§ WHAT THE EXERCISE ASKS: Keep the pictures out of the copy and print all the entries below exactly.

[Stored entries]
____

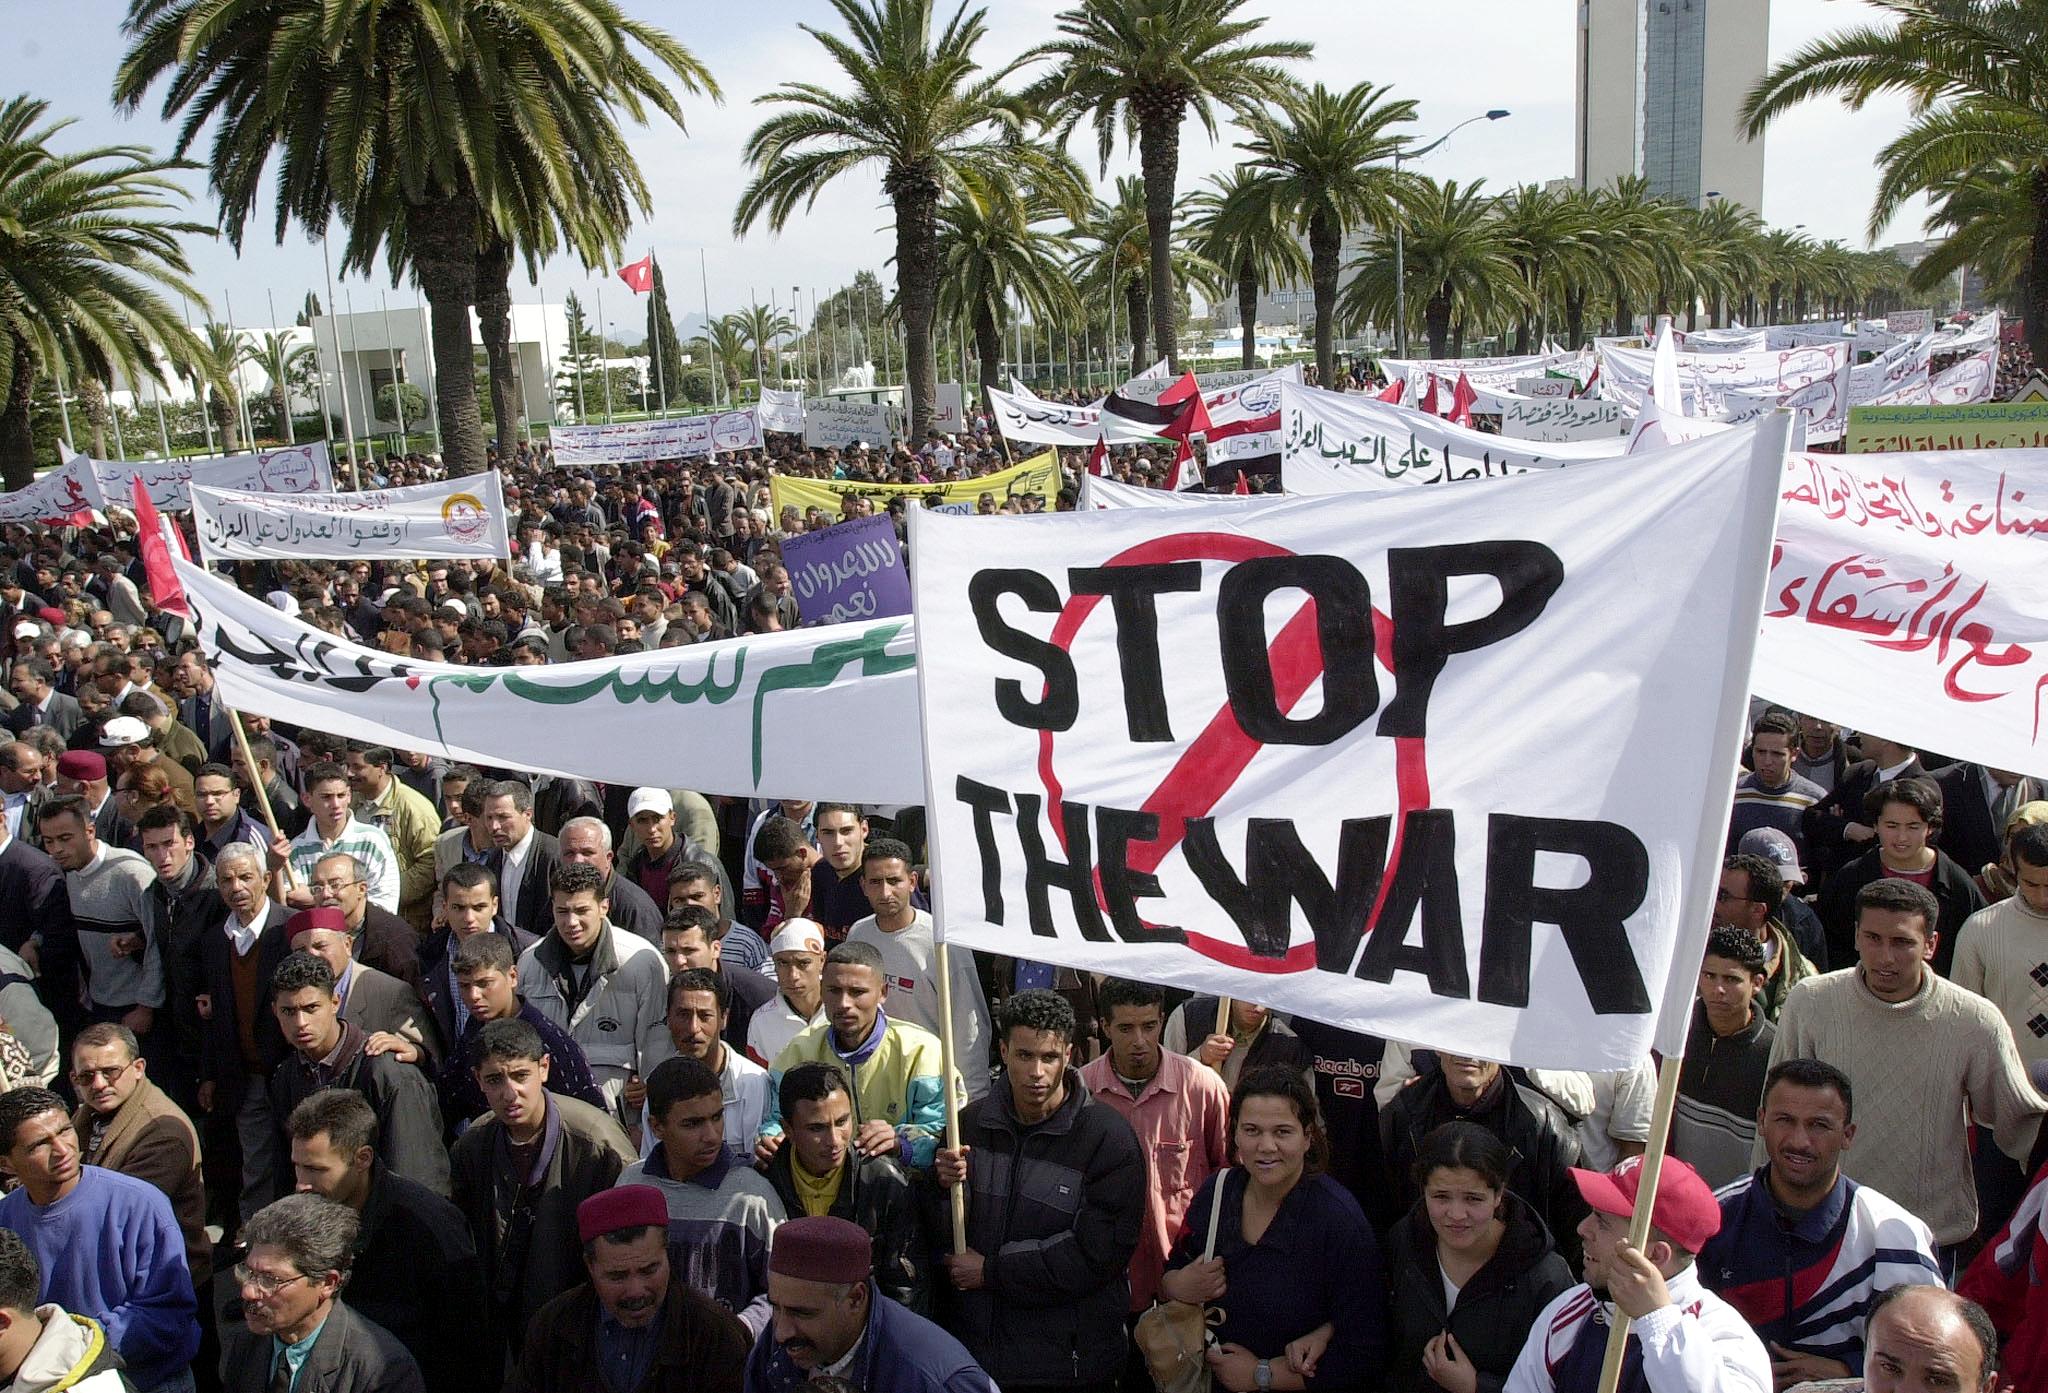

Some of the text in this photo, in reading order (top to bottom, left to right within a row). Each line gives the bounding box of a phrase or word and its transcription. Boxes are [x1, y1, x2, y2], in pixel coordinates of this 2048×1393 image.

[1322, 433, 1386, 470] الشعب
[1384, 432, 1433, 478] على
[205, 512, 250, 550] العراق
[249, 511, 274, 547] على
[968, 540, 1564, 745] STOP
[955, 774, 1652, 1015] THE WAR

____

§ SOLVED PROBLEM:
Some of the text in this photo, in reading order (top to bottom, left to right within a row). Each line gives the bounding box of a phrase or word and its transcription. Boxes are [x1, y1, x2, y2], in pixel coordinates of this 2048×1393 image.

[1322, 433, 1386, 470] الشعب
[1384, 432, 1433, 478] على
[205, 512, 250, 550] العراق
[249, 511, 274, 547] على
[968, 540, 1564, 745] STOP
[955, 774, 1652, 1015] THE WAR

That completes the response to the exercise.